All organisms to the cellular level have ways to move toward or away from a stimulus. An infant is born with several reflexes that prepare it for the environment. Two of these are the Moro reflex and the Rooting reflex. The Moro reflex occurs when an infant is shifted back, hears a loud noise, or sees a bright light. It extends the arms out in response and may begin to cry, communicating discomfort. This response may trigger the sympathetic nervous system, resulting in the expression of stress hormones. The Rooting reflex takes the baby’s mouth towards a possible food source, e.g., breastfeeding and touching the face near the infant’s mouth triggers it. As the infant nervous system develops, these newborn reflexes gradually dissipate.
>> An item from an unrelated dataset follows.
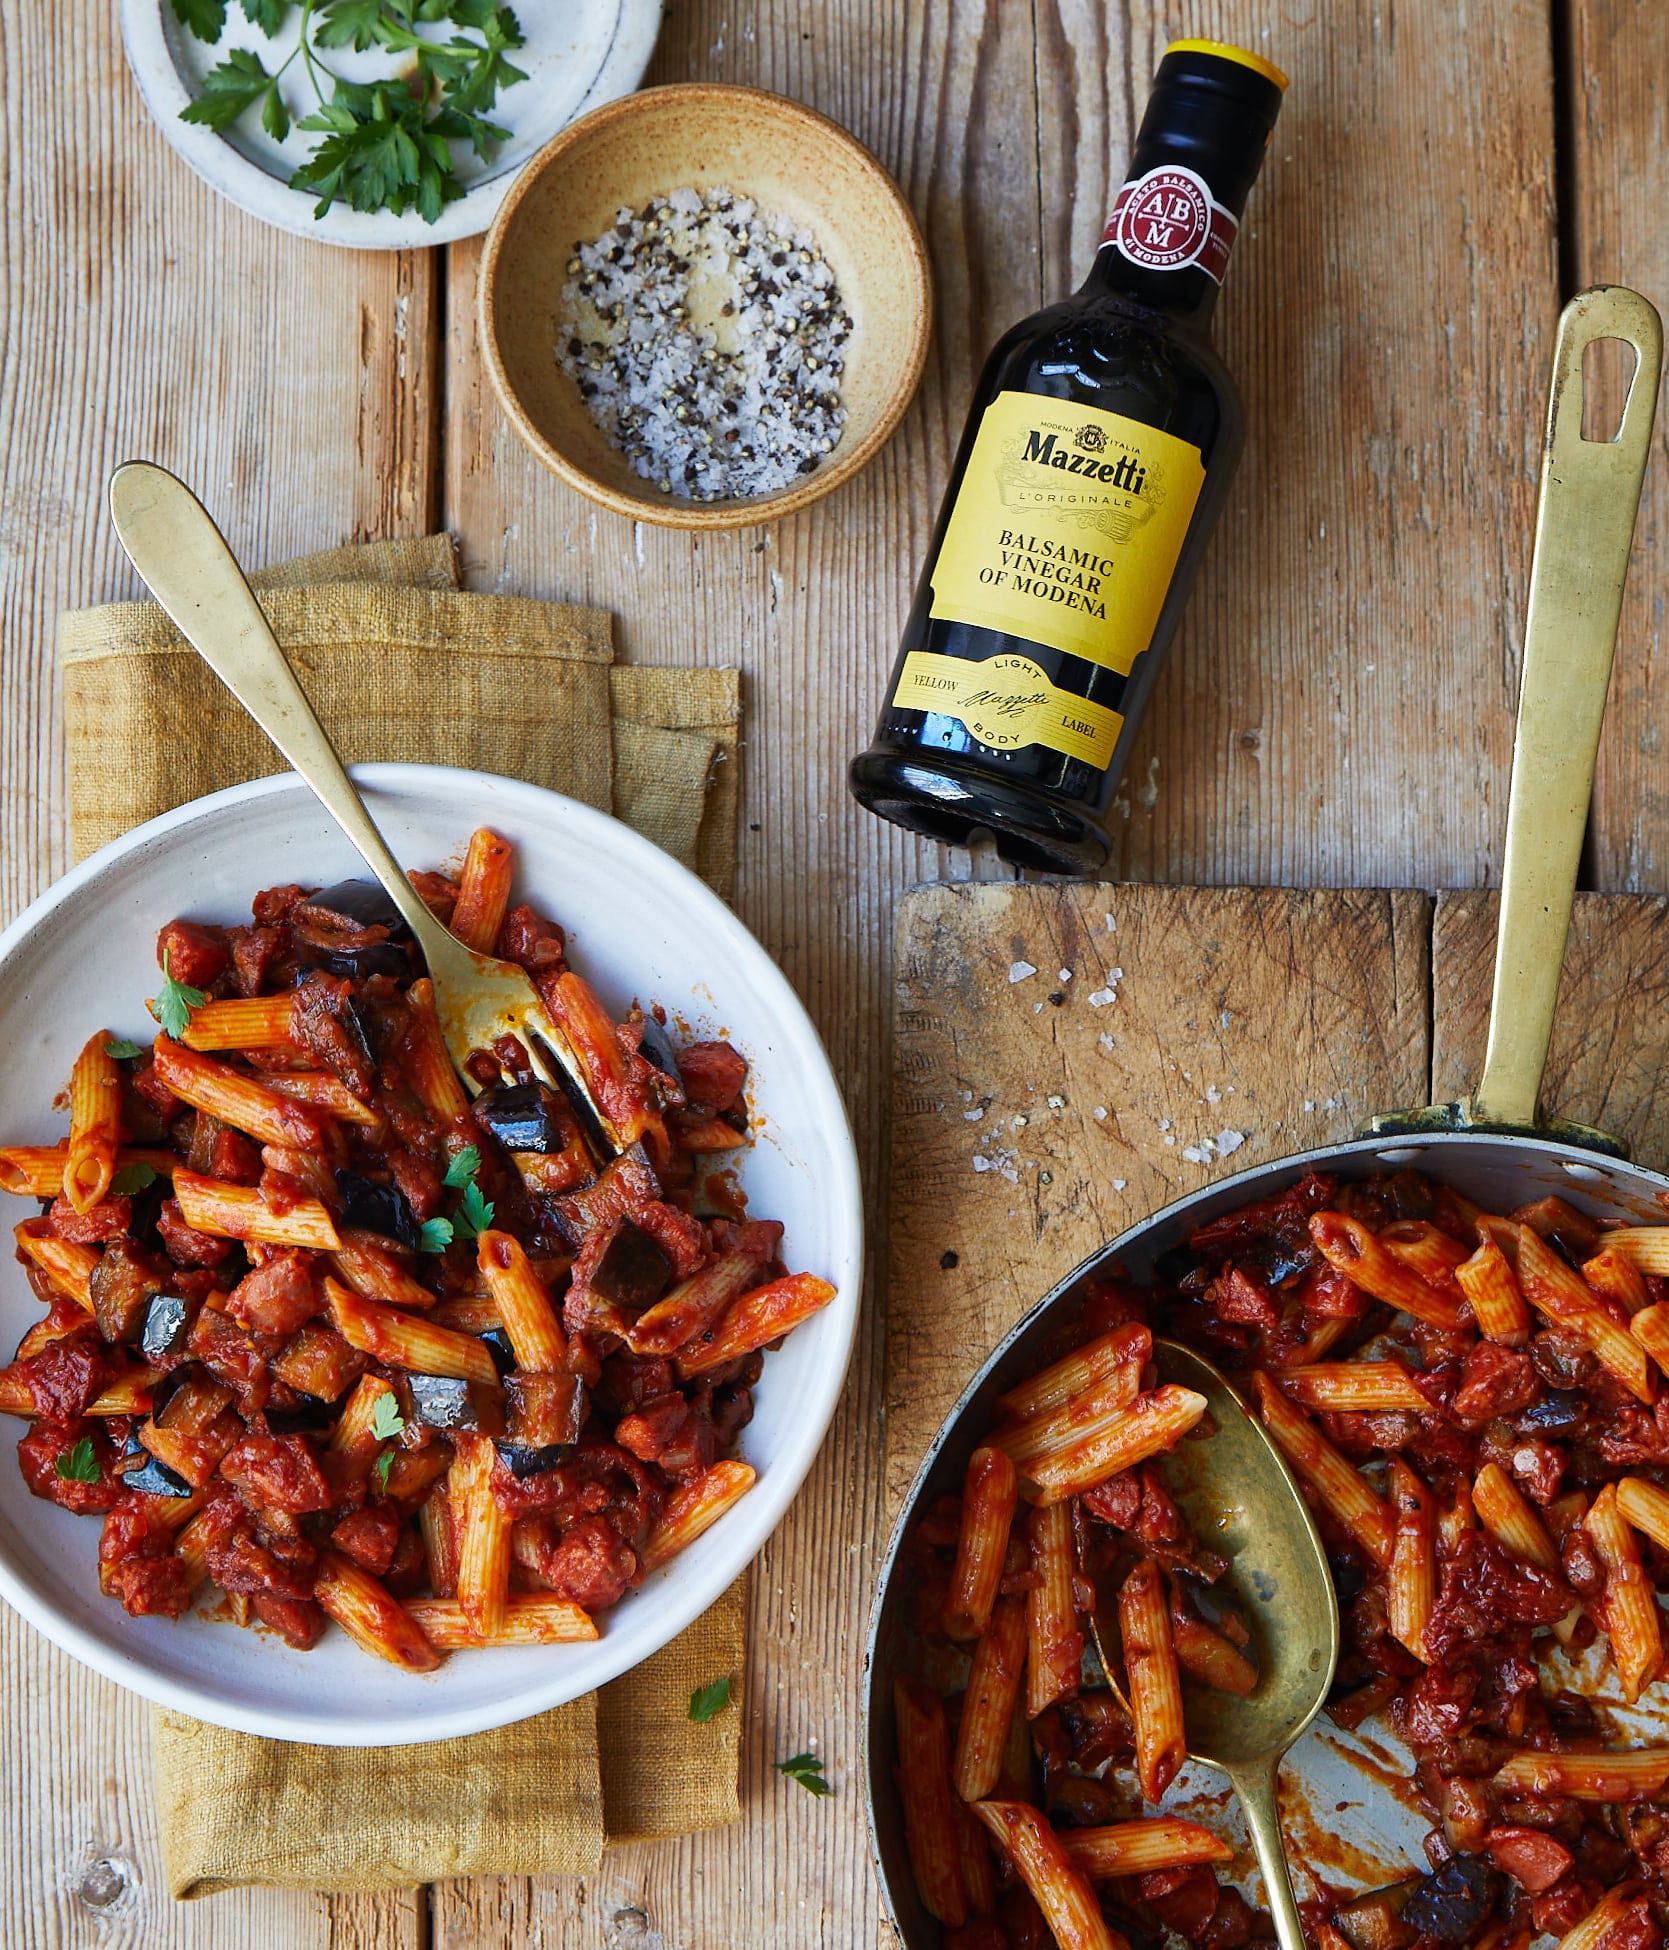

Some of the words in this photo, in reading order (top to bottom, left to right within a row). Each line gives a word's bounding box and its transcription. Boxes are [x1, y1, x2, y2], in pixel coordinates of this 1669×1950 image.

During the first few years of life, the brain goes through essential steps in forging neural pathways, as it gains more than 1 million new neural connections per second while also pruning excess neurons. The infant encounters new stimuli in the background of greater motor output and sensory input and develops more nuanced reflexes through time. This stage is when the brain formalizes its behaviors.

This is the palmar or grasp reflex.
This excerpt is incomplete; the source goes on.